What is required =>
Print the whole listing, unchanged.

The data =>
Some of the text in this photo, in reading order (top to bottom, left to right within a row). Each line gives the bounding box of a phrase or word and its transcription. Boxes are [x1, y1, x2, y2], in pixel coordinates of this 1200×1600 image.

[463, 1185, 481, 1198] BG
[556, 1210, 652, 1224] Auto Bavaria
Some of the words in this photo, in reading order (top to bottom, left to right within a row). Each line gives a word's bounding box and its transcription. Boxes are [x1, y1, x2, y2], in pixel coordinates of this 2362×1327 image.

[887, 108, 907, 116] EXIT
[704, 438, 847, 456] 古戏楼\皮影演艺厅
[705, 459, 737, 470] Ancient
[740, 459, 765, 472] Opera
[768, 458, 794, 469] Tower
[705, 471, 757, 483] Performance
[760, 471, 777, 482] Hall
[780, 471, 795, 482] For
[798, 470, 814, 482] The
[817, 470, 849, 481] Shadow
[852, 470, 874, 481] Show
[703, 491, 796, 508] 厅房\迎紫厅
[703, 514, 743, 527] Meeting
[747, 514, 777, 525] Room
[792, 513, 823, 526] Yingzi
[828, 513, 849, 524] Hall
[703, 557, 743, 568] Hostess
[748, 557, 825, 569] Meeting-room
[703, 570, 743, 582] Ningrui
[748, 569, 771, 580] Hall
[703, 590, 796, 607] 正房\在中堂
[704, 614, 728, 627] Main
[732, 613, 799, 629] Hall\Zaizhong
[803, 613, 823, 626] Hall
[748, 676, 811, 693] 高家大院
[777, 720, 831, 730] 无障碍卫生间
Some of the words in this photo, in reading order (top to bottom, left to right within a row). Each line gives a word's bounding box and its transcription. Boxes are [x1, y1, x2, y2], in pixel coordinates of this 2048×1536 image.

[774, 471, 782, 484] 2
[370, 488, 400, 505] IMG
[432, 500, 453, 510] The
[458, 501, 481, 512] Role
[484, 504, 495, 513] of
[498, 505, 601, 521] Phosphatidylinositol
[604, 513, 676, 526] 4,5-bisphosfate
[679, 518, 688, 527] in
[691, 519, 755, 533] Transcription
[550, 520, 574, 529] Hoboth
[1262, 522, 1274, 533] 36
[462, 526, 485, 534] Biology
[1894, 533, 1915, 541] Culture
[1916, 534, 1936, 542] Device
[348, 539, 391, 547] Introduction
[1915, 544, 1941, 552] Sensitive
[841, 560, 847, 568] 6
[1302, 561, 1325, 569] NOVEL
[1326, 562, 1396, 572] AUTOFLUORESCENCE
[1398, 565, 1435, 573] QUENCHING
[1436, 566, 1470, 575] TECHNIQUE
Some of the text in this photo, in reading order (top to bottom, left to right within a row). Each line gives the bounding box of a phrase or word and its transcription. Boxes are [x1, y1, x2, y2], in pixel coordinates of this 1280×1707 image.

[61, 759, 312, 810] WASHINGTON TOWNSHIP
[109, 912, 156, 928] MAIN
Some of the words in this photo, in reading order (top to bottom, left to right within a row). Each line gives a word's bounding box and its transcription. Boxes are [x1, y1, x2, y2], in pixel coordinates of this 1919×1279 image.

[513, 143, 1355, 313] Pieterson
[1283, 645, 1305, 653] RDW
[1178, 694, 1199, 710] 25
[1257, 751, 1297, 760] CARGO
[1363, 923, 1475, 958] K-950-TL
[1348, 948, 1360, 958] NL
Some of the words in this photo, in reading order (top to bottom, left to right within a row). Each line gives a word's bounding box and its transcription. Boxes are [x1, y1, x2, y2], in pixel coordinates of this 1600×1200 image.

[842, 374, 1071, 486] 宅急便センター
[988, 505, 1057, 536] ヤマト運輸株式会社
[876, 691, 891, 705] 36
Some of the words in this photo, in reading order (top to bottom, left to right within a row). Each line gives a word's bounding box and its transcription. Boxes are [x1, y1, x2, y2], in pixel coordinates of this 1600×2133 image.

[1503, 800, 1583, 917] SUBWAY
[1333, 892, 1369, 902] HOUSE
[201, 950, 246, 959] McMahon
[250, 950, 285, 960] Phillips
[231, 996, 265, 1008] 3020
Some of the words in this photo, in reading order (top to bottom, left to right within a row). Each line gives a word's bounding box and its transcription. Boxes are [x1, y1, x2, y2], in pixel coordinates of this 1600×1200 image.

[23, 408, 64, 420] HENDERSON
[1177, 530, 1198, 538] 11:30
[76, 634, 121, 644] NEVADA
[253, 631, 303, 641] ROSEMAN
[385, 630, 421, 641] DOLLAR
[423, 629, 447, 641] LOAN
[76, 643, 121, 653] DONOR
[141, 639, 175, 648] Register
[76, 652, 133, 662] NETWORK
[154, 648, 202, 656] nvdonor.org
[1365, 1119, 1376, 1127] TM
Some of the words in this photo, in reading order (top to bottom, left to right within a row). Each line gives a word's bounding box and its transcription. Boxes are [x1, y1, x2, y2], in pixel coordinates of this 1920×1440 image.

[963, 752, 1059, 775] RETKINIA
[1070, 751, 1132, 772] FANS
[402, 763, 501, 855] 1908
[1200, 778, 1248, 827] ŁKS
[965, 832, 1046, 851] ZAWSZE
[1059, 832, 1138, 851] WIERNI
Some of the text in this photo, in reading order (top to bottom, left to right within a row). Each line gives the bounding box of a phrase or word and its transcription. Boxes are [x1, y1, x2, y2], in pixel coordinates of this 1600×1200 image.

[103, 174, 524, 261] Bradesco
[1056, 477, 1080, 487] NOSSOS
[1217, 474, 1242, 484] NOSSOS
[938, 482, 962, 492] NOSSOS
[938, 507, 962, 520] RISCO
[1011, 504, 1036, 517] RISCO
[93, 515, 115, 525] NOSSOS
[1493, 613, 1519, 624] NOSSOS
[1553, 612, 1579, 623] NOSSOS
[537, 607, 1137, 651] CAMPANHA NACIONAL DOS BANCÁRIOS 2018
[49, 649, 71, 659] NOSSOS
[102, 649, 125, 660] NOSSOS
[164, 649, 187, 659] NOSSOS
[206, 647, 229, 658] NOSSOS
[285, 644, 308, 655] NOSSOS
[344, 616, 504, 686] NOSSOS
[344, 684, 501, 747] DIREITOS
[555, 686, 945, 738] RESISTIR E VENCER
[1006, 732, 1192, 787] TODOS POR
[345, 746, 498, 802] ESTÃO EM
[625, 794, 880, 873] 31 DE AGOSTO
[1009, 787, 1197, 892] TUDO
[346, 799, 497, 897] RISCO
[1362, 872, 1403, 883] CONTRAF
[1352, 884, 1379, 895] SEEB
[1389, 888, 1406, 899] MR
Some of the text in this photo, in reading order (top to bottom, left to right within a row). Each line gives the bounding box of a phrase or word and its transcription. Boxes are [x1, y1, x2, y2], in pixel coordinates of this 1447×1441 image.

Response for this exercise =>
Some of the text in this photo, in reading order (top to bottom, left to right within a row). Each line gives the bounding box of a phrase or word and its transcription. Boxes are [x1, y1, x2, y2], in pixel coordinates of this 1200×1600 image.

[463, 1185, 481, 1198] BG
[556, 1210, 652, 1224] Auto Bavaria
Some of the words in this photo, in reading order (top to bottom, left to right within a row). Each line gives a word's bounding box and its transcription. Boxes are [x1, y1, x2, y2], in pixel coordinates of this 2362×1327 image.

[887, 108, 907, 116] EXIT
[704, 438, 847, 456] 古戏楼\皮影演艺厅
[705, 459, 737, 470] Ancient
[740, 459, 765, 472] Opera
[768, 458, 794, 469] Tower
[705, 471, 757, 483] Performance
[760, 471, 777, 482] Hall
[780, 471, 795, 482] For
[798, 470, 814, 482] The
[817, 470, 849, 481] Shadow
[852, 470, 874, 481] Show
[703, 491, 796, 508] 厅房\迎紫厅
[703, 514, 743, 527] Meeting
[747, 514, 777, 525] Room
[792, 513, 823, 526] Yingzi
[828, 513, 849, 524] Hall
[703, 557, 743, 568] Hostess
[748, 557, 825, 569] Meeting-room
[703, 570, 743, 582] Ningrui
[748, 569, 771, 580] Hall
[703, 590, 796, 607] 正房\在中堂
[704, 614, 728, 627] Main
[732, 613, 799, 629] Hall\Zaizhong
[803, 613, 823, 626] Hall
[748, 676, 811, 693] 高家大院
[777, 720, 831, 730] 无障碍卫生间
Some of the words in this photo, in reading order (top to bottom, left to right within a row). Each line gives a word's bounding box and its transcription. Boxes are [x1, y1, x2, y2], in pixel coordinates of this 2048×1536 image.

[774, 471, 782, 484] 2
[370, 488, 400, 505] IMG
[432, 500, 453, 510] The
[458, 501, 481, 512] Role
[484, 504, 495, 513] of
[498, 505, 601, 521] Phosphatidylinositol
[604, 513, 676, 526] 4,5-bisphosfate
[679, 518, 688, 527] in
[691, 519, 755, 533] Transcription
[550, 520, 574, 529] Hoboth
[1262, 522, 1274, 533] 36
[462, 526, 485, 534] Biology
[1894, 533, 1915, 541] Culture
[1916, 534, 1936, 542] Device
[348, 539, 391, 547] Introduction
[1915, 544, 1941, 552] Sensitive
[841, 560, 847, 568] 6
[1302, 561, 1325, 569] NOVEL
[1326, 562, 1396, 572] AUTOFLUORESCENCE
[1398, 565, 1435, 573] QUENCHING
[1436, 566, 1470, 575] TECHNIQUE
Some of the text in this photo, in reading order (top to bottom, left to right within a row). Each line gives the bounding box of a phrase or word and its transcription. Boxes are [x1, y1, x2, y2], in pixel coordinates of this 1280×1707 image.

[61, 759, 312, 810] WASHINGTON TOWNSHIP
[109, 912, 156, 928] MAIN
Some of the words in this photo, in reading order (top to bottom, left to right within a row). Each line gives a word's bounding box and its transcription. Boxes are [x1, y1, x2, y2], in pixel coordinates of this 1919×1279 image.

[513, 143, 1355, 313] Pieterson
[1283, 645, 1305, 653] RDW
[1178, 694, 1199, 710] 25
[1257, 751, 1297, 760] CARGO
[1363, 923, 1475, 958] K-950-TL
[1348, 948, 1360, 958] NL
Some of the words in this photo, in reading order (top to bottom, left to right within a row). Each line gives a word's bounding box and its transcription. Boxes are [x1, y1, x2, y2], in pixel coordinates of this 1600×1200 image.

[842, 374, 1071, 486] 宅急便センター
[988, 505, 1057, 536] ヤマト運輸株式会社
[876, 691, 891, 705] 36
Some of the words in this photo, in reading order (top to bottom, left to right within a row). Each line gives a word's bounding box and its transcription. Boxes are [x1, y1, x2, y2], in pixel coordinates of this 1600×2133 image.

[1503, 800, 1583, 917] SUBWAY
[1333, 892, 1369, 902] HOUSE
[201, 950, 246, 959] McMahon
[250, 950, 285, 960] Phillips
[231, 996, 265, 1008] 3020
Some of the words in this photo, in reading order (top to bottom, left to right within a row). Each line gives a word's bounding box and its transcription. Boxes are [x1, y1, x2, y2], in pixel coordinates of this 1600×1200 image.

[23, 408, 64, 420] HENDERSON
[1177, 530, 1198, 538] 11:30
[76, 634, 121, 644] NEVADA
[253, 631, 303, 641] ROSEMAN
[385, 630, 421, 641] DOLLAR
[423, 629, 447, 641] LOAN
[76, 643, 121, 653] DONOR
[141, 639, 175, 648] Register
[76, 652, 133, 662] NETWORK
[154, 648, 202, 656] nvdonor.org
[1365, 1119, 1376, 1127] TM
Some of the words in this photo, in reading order (top to bottom, left to right within a row). Each line gives a word's bounding box and its transcription. Boxes are [x1, y1, x2, y2], in pixel coordinates of this 1920×1440 image.

[963, 752, 1059, 775] RETKINIA
[1070, 751, 1132, 772] FANS
[402, 763, 501, 855] 1908
[1200, 778, 1248, 827] ŁKS
[965, 832, 1046, 851] ZAWSZE
[1059, 832, 1138, 851] WIERNI
Some of the text in this photo, in reading order (top to bottom, left to right within a row). Each line gives the bounding box of a phrase or word and its transcription. Boxes are [x1, y1, x2, y2], in pixel coordinates of this 1600×1200 image.

[103, 174, 524, 261] Bradesco
[1056, 477, 1080, 487] NOSSOS
[1217, 474, 1242, 484] NOSSOS
[938, 482, 962, 492] NOSSOS
[938, 507, 962, 520] RISCO
[1011, 504, 1036, 517] RISCO
[93, 515, 115, 525] NOSSOS
[1493, 613, 1519, 624] NOSSOS
[1553, 612, 1579, 623] NOSSOS
[537, 607, 1137, 651] CAMPANHA NACIONAL DOS BANCÁRIOS 2018
[49, 649, 71, 659] NOSSOS
[102, 649, 125, 660] NOSSOS
[164, 649, 187, 659] NOSSOS
[206, 647, 229, 658] NOSSOS
[285, 644, 308, 655] NOSSOS
[344, 616, 504, 686] NOSSOS
[344, 684, 501, 747] DIREITOS
[555, 686, 945, 738] RESISTIR E VENCER
[1006, 732, 1192, 787] TODOS POR
[345, 746, 498, 802] ESTÃO EM
[625, 794, 880, 873] 31 DE AGOSTO
[1009, 787, 1197, 892] TUDO
[346, 799, 497, 897] RISCO
[1362, 872, 1403, 883] CONTRAF
[1352, 884, 1379, 895] SEEB
[1389, 888, 1406, 899] MR
Some of the text in this photo, in reading order (top to bottom, left to right within a row). Each line gives the bounding box of a phrase or word and its transcription. Boxes are [x1, y1, x2, y2], in pixel coordinates of this 1447×1441 image.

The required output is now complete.